Copy out the data in full and exactly, passing over the pictures.

== Exercise data ==

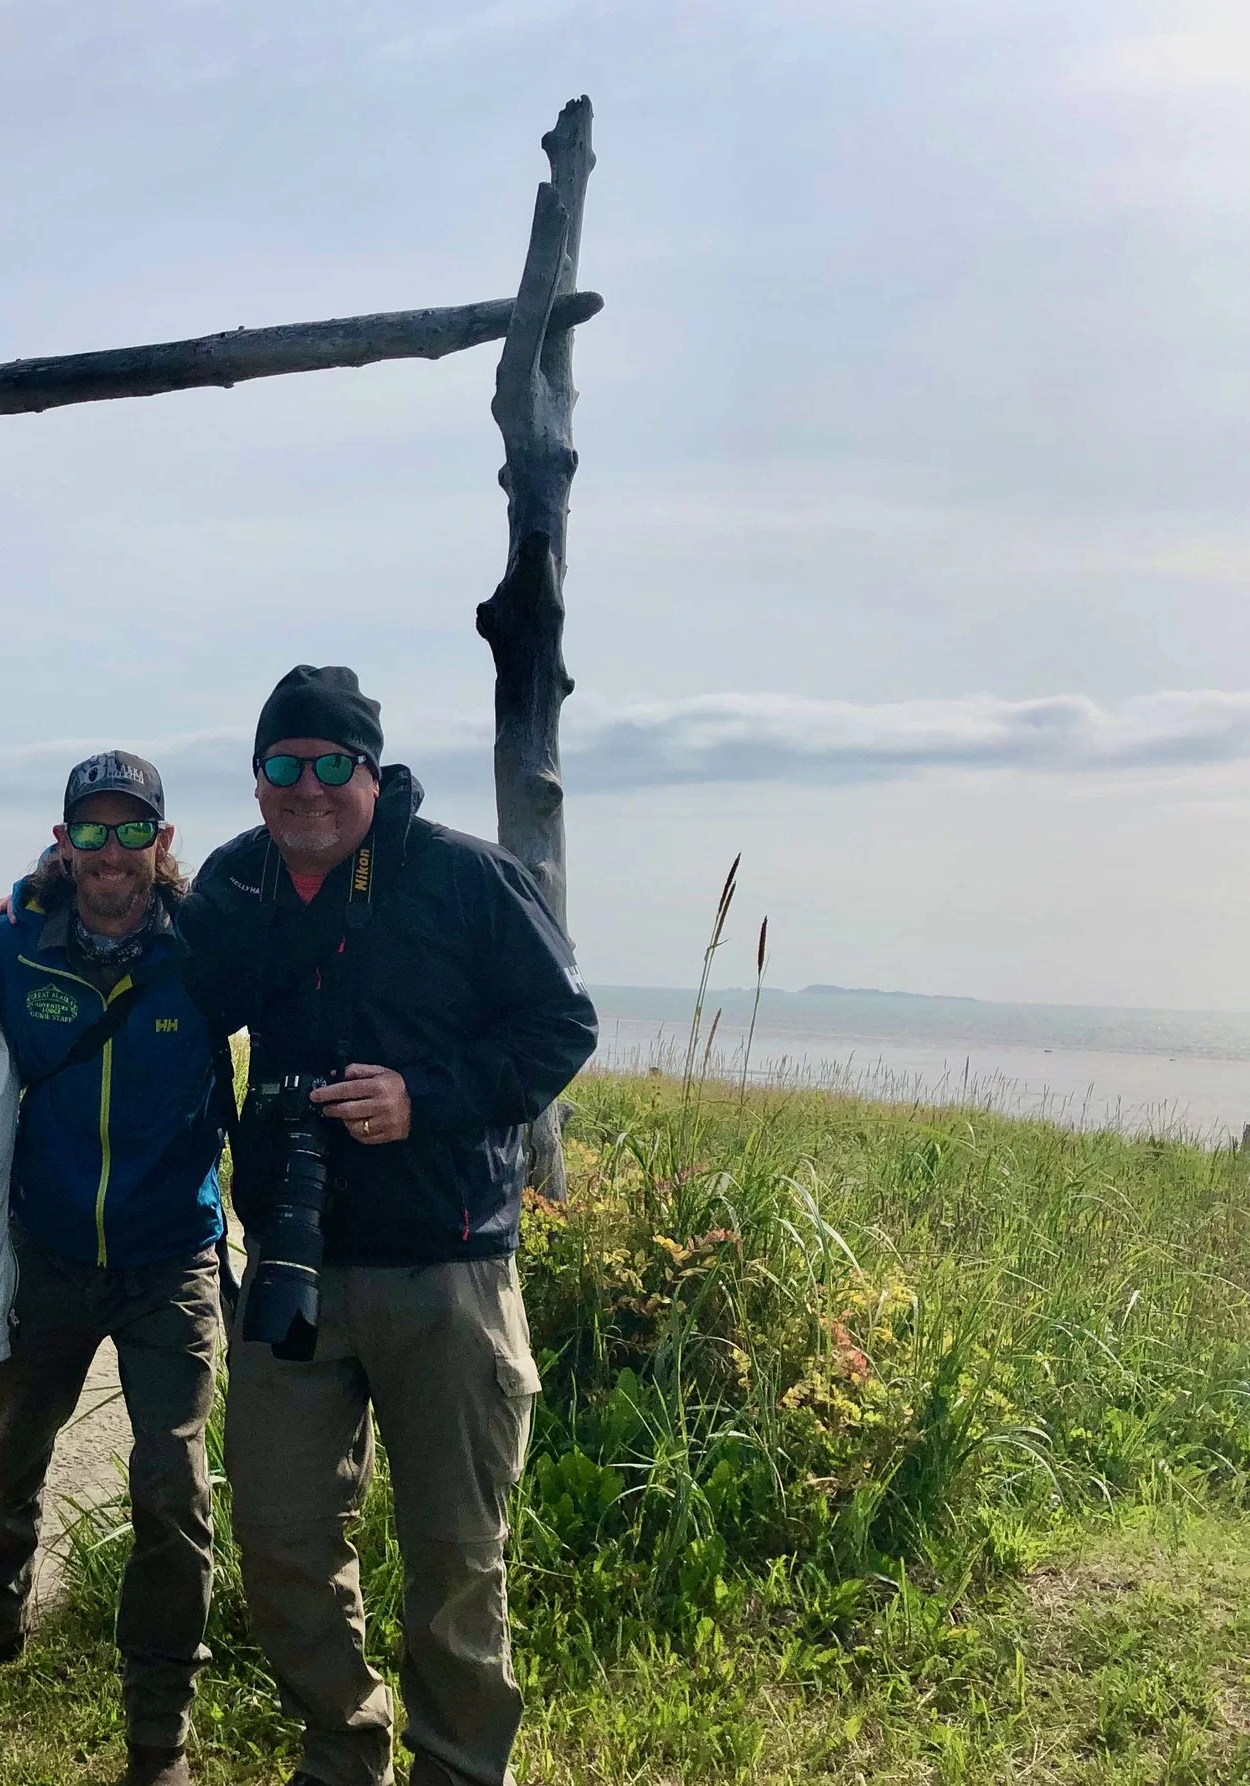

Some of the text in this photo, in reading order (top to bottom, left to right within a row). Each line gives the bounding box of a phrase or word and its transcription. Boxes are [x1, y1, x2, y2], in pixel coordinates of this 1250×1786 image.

[354, 849, 370, 891] Nikon
[230, 876, 250, 892] HELLY
[30, 991, 75, 1006] GREAT ALASKA
[52, 1015, 72, 1023] STAFF
[155, 1018, 179, 1033] HH
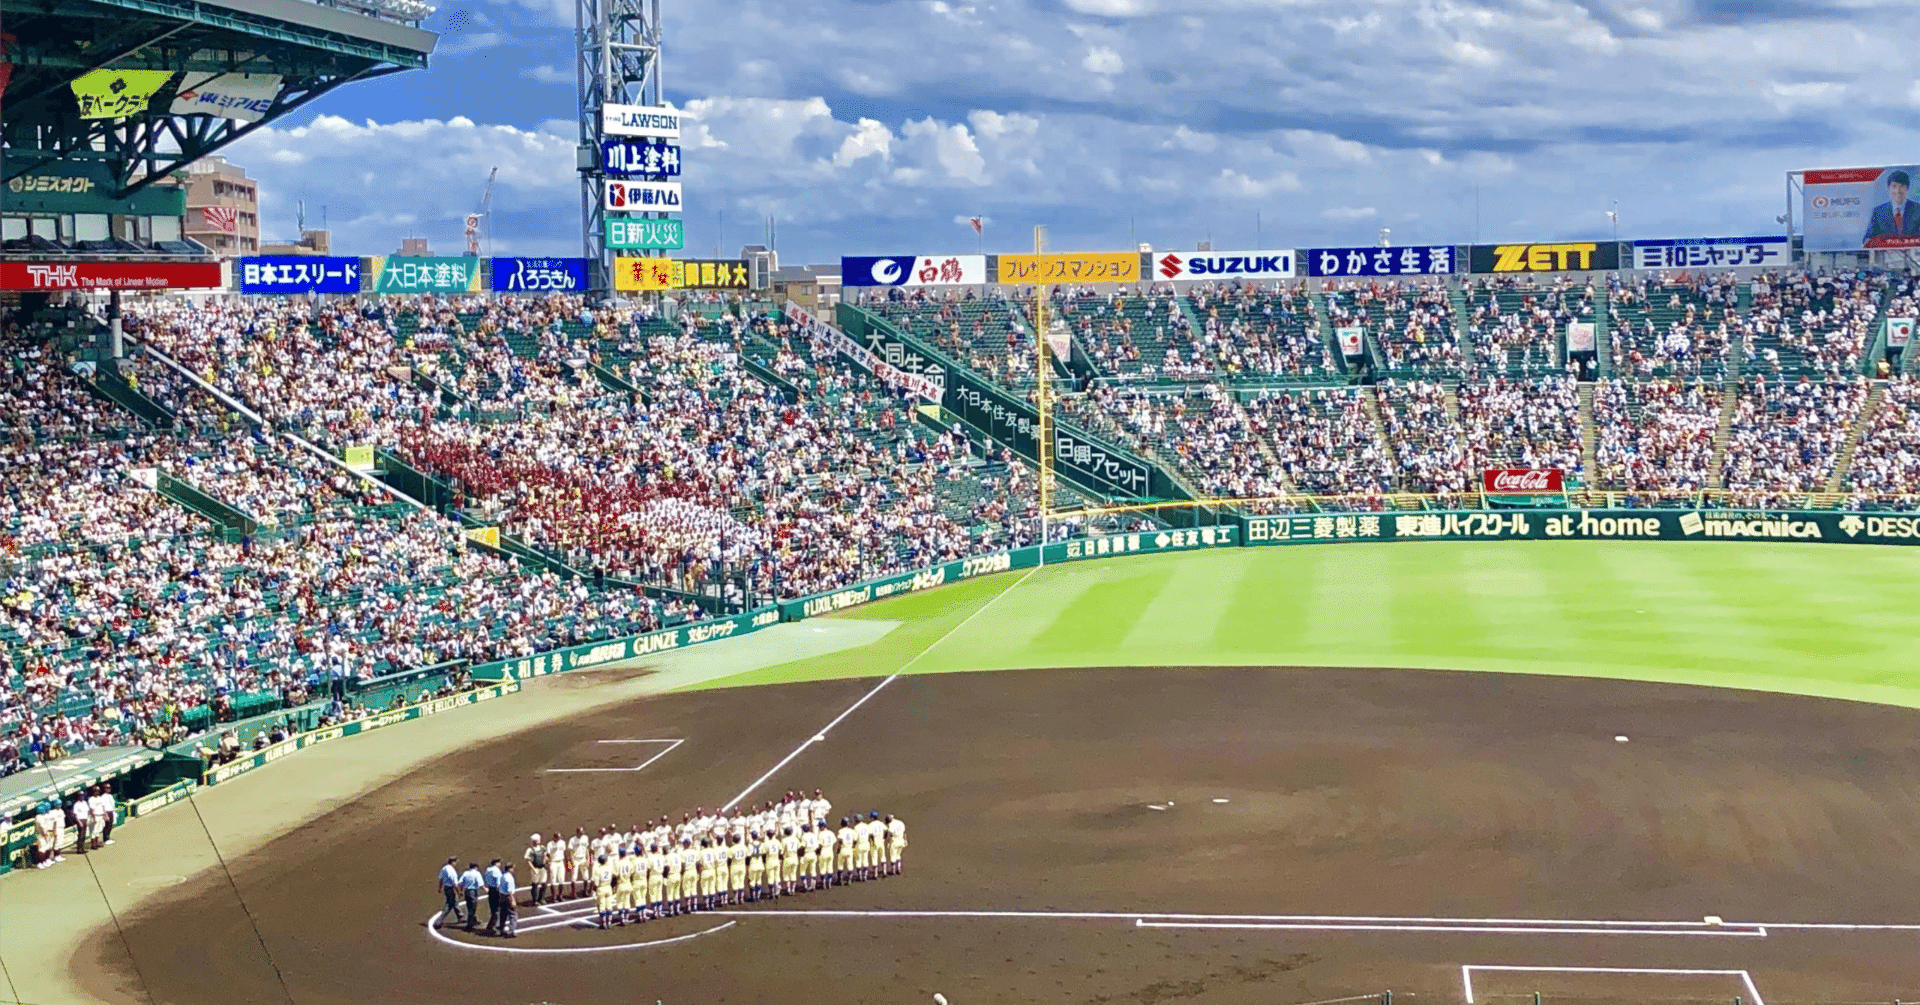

===

**Solution**.
Some of the text in this photo, in reading order (top to bottom, left to right within a row). Each line gives the bounding box of a phrase or word and its transcription. Boxes are [x1, y1, x2, y2], in pixel coordinates of this 1250×1786 image.

[354, 849, 370, 891] Nikon
[230, 876, 250, 892] HELLY
[30, 991, 75, 1006] GREAT ALASKA
[52, 1015, 72, 1023] STAFF
[155, 1018, 179, 1033] HH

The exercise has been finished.